**What to do**
In the records below, find the line containing "this 1344×1512 image." and transcribe it and every line after it exactly; leave the pictures out.
━━━━━ Extracted entries
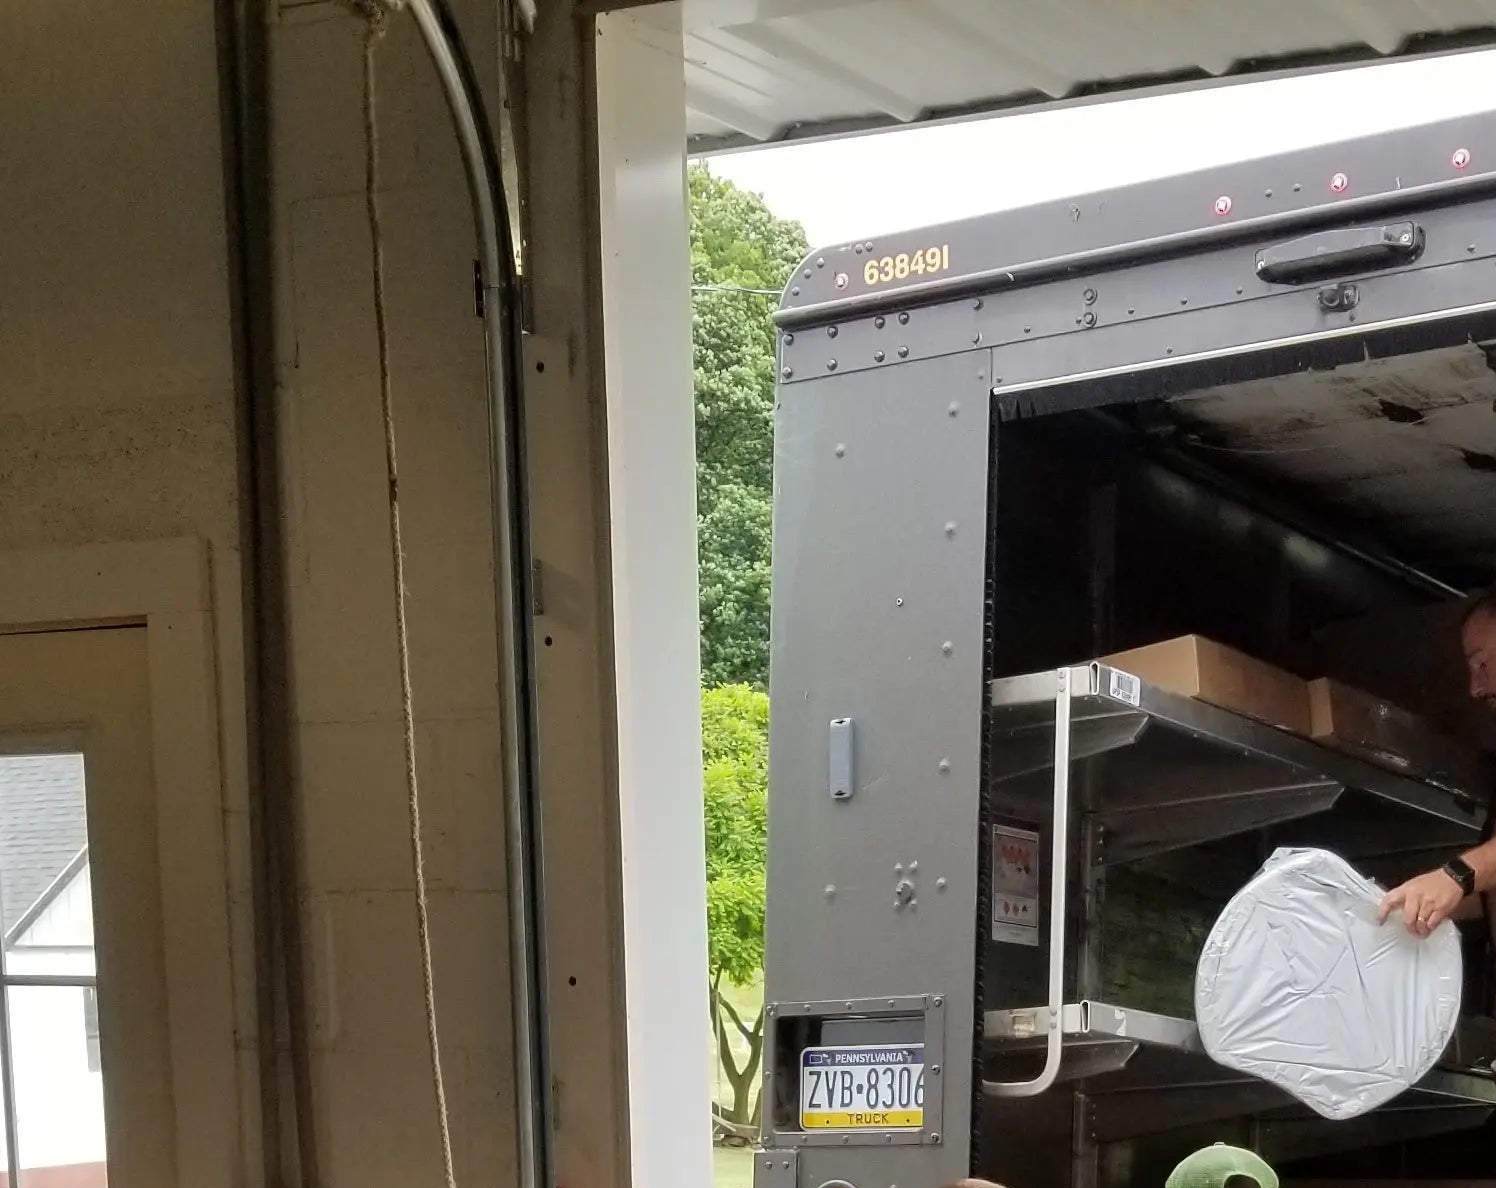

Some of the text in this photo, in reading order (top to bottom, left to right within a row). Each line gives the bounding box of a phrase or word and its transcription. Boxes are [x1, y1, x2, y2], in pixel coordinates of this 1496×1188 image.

[864, 245, 949, 285] 638491
[835, 1052, 903, 1064] PENNSYLVANIA
[847, 1113, 888, 1124] TRUCK
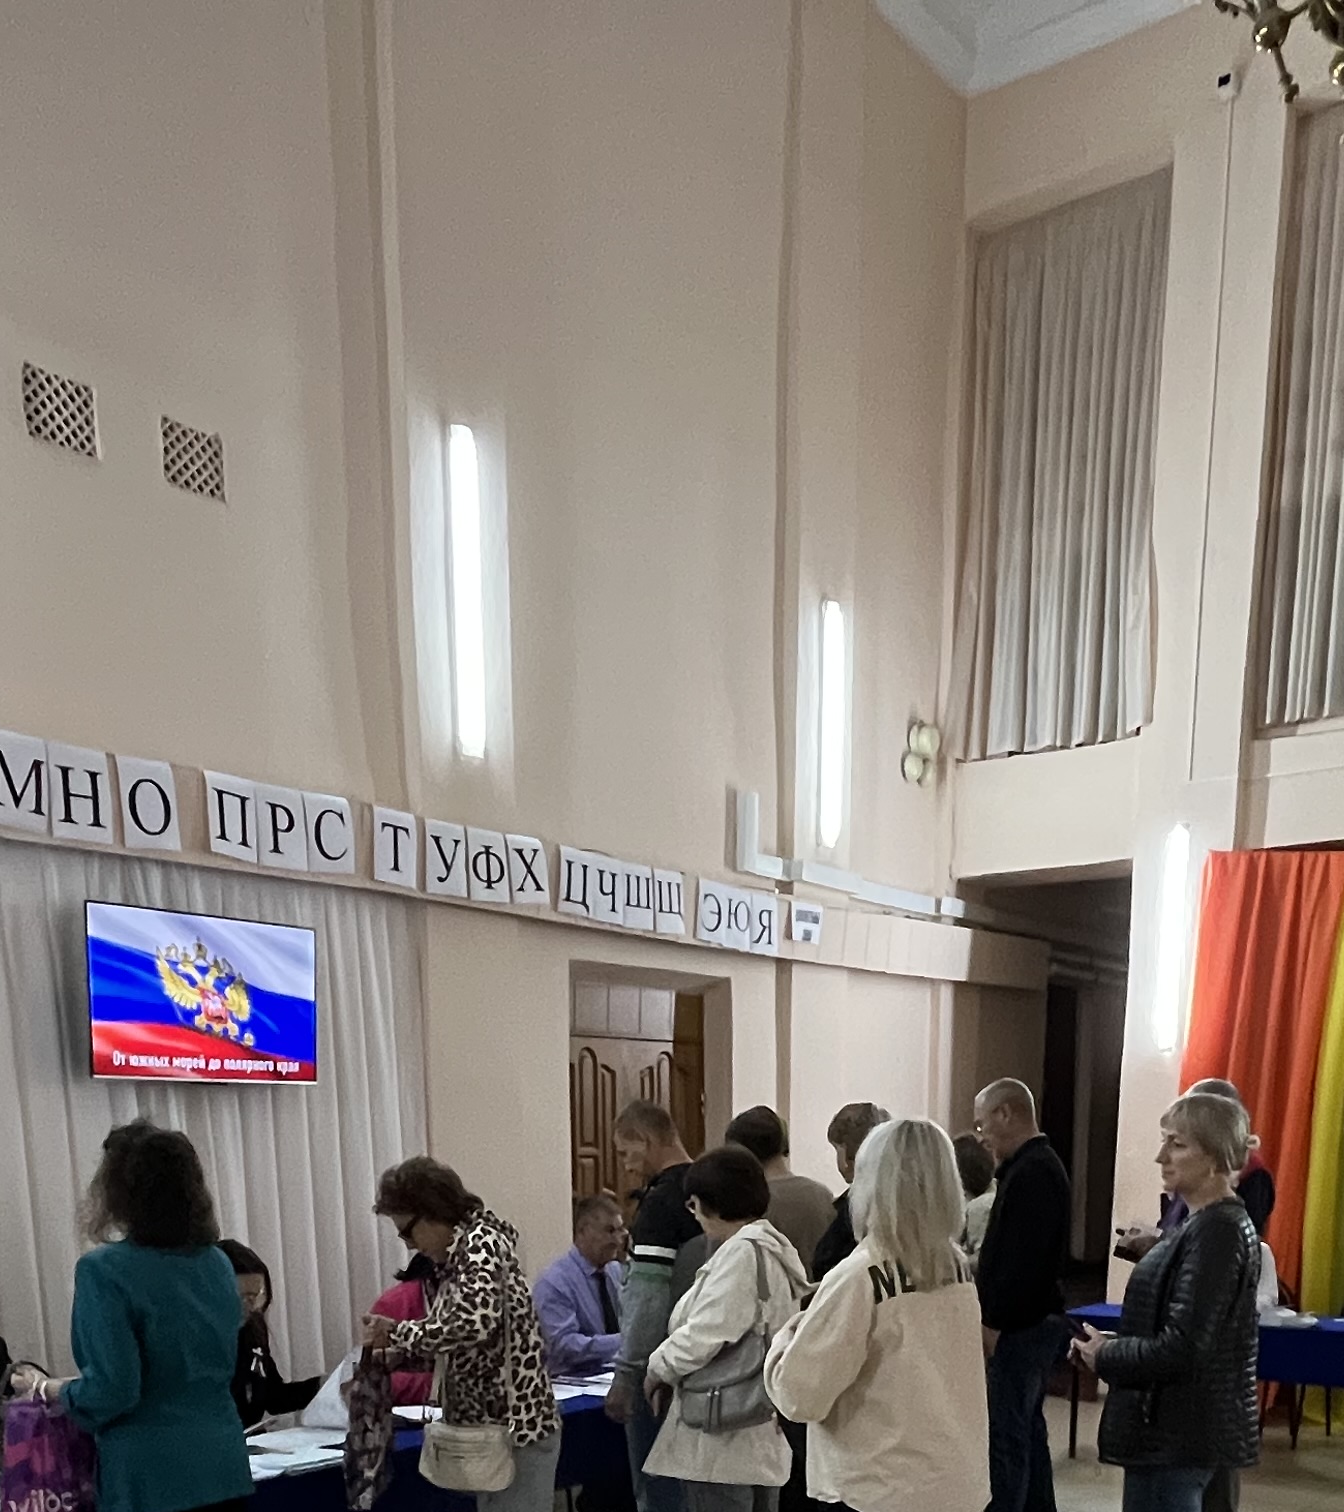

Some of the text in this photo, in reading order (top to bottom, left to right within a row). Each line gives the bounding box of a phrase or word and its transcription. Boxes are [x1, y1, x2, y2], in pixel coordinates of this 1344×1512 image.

[112, 1050, 127, 1067] От
[128, 1055, 170, 1068] южных
[172, 1054, 206, 1072] морей
[207, 1058, 222, 1071] до
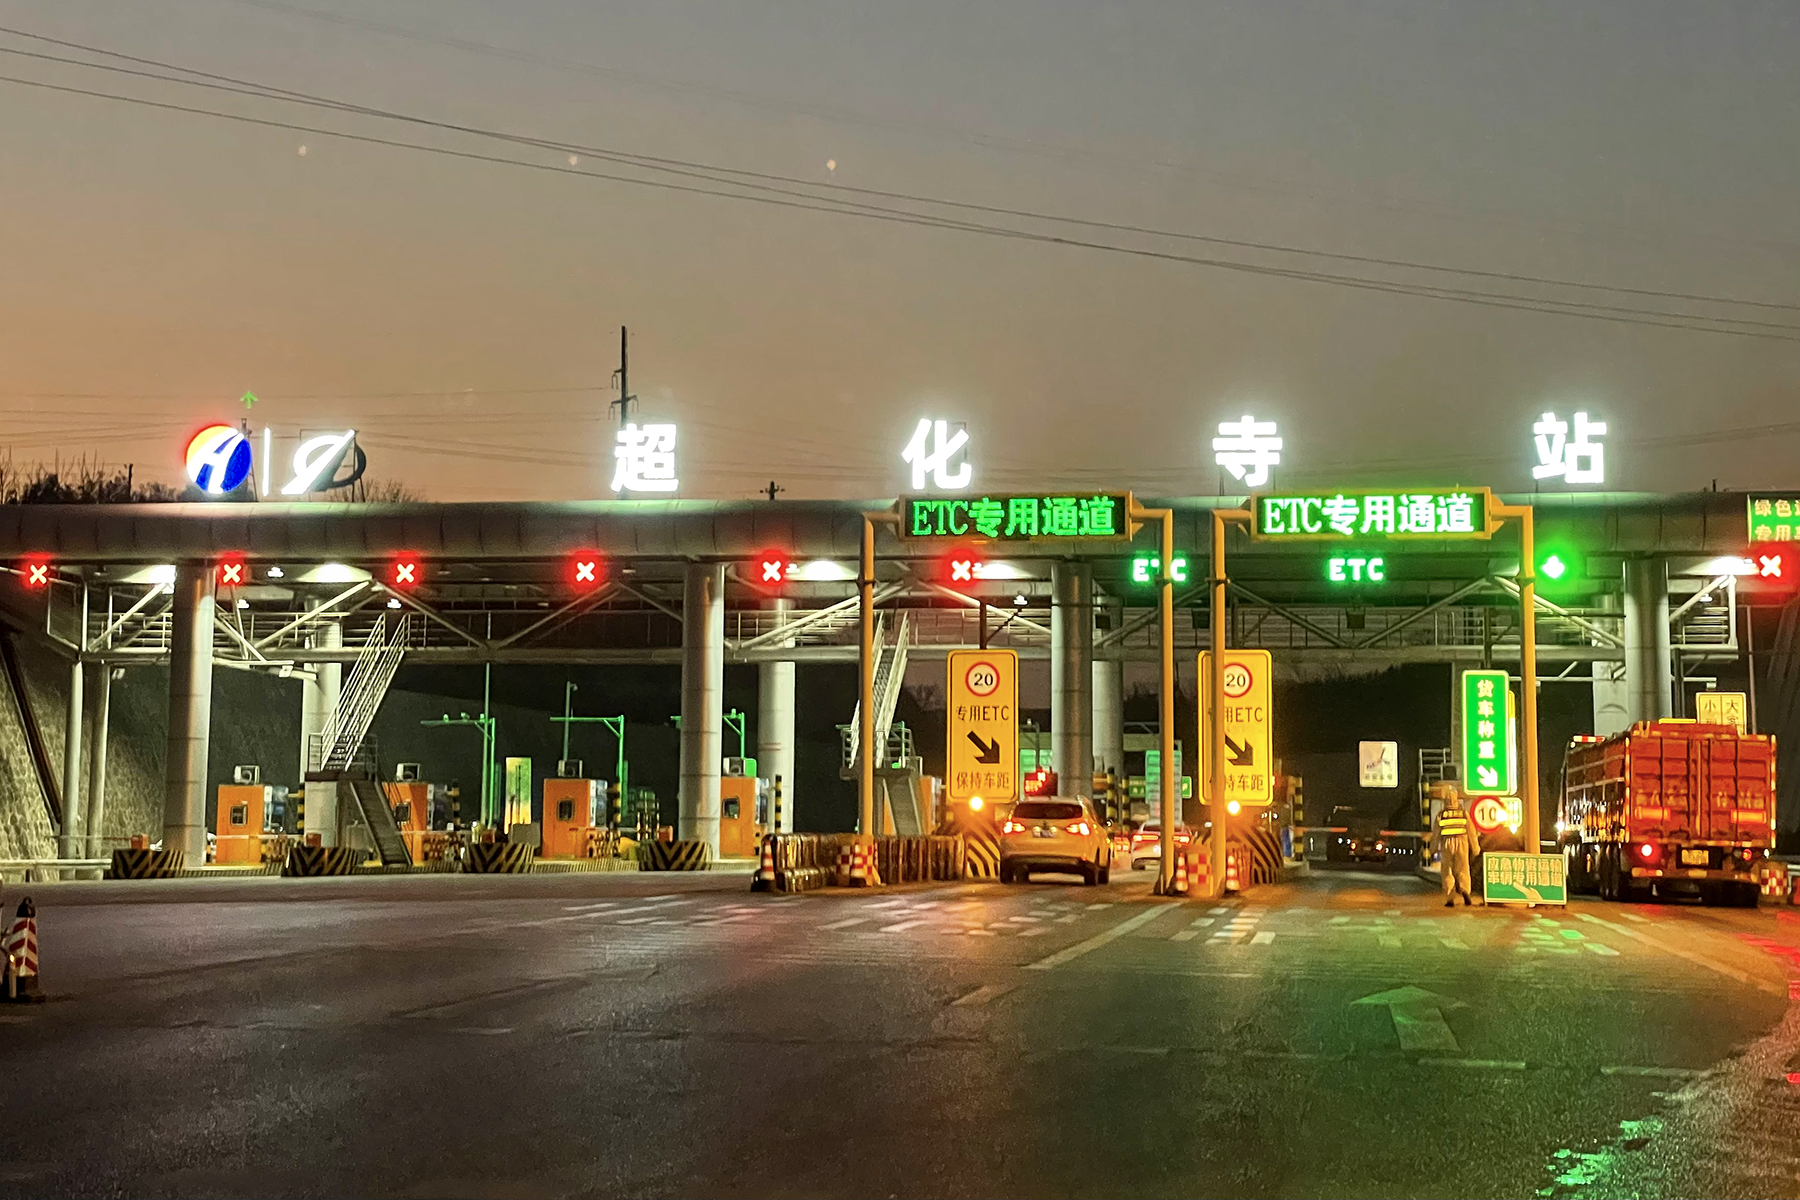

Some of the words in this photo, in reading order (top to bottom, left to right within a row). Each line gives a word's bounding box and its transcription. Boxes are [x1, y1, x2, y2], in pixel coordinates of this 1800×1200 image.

[611, 411, 1607, 494] 超化寺站
[912, 495, 1115, 538] ETC专用通道
[1263, 493, 1474, 536] ETC专用通道
[1329, 558, 1384, 582] ETC
[973, 672, 994, 687] 20
[1226, 673, 1246, 688] 20
[955, 704, 1010, 722] 专用ETC
[1208, 706, 1263, 723] 用ETC
[1477, 679, 1495, 759] 货车称重
[955, 771, 1010, 791] 保持车距
[1209, 772, 1265, 792] 持车距
[1480, 806, 1498, 823] 10
[1487, 870, 1563, 887] 车辆专用通道
━━━━━━━━━━
**Answer section**
Some of the text in this photo, in reading order (top to bottom, left to right within a row). Each line gives the bounding box of a phrase or word and its transcription. Boxes are [x1, y1, x2, y2], in pixel coordinates of this 1344×1512 image.

[112, 1050, 127, 1067] От
[128, 1055, 170, 1068] южных
[172, 1054, 206, 1072] морей
[207, 1058, 222, 1071] до

Some of the words in this photo, in reading order (top to bottom, left to right within a row). Each line gives a word's bounding box and its transcription. Boxes are [x1, y1, x2, y2], in pixel coordinates of this 1800×1200 image.

[611, 411, 1607, 494] 超化寺站
[912, 495, 1115, 538] ETC专用通道
[1263, 493, 1474, 536] ETC专用通道
[1329, 558, 1384, 582] ETC
[973, 672, 994, 687] 20
[1226, 673, 1246, 688] 20
[955, 704, 1010, 722] 专用ETC
[1208, 706, 1263, 723] 用ETC
[1477, 679, 1495, 759] 货车称重
[955, 771, 1010, 791] 保持车距
[1209, 772, 1265, 792] 持车距
[1480, 806, 1498, 823] 10
[1487, 870, 1563, 887] 车辆专用通道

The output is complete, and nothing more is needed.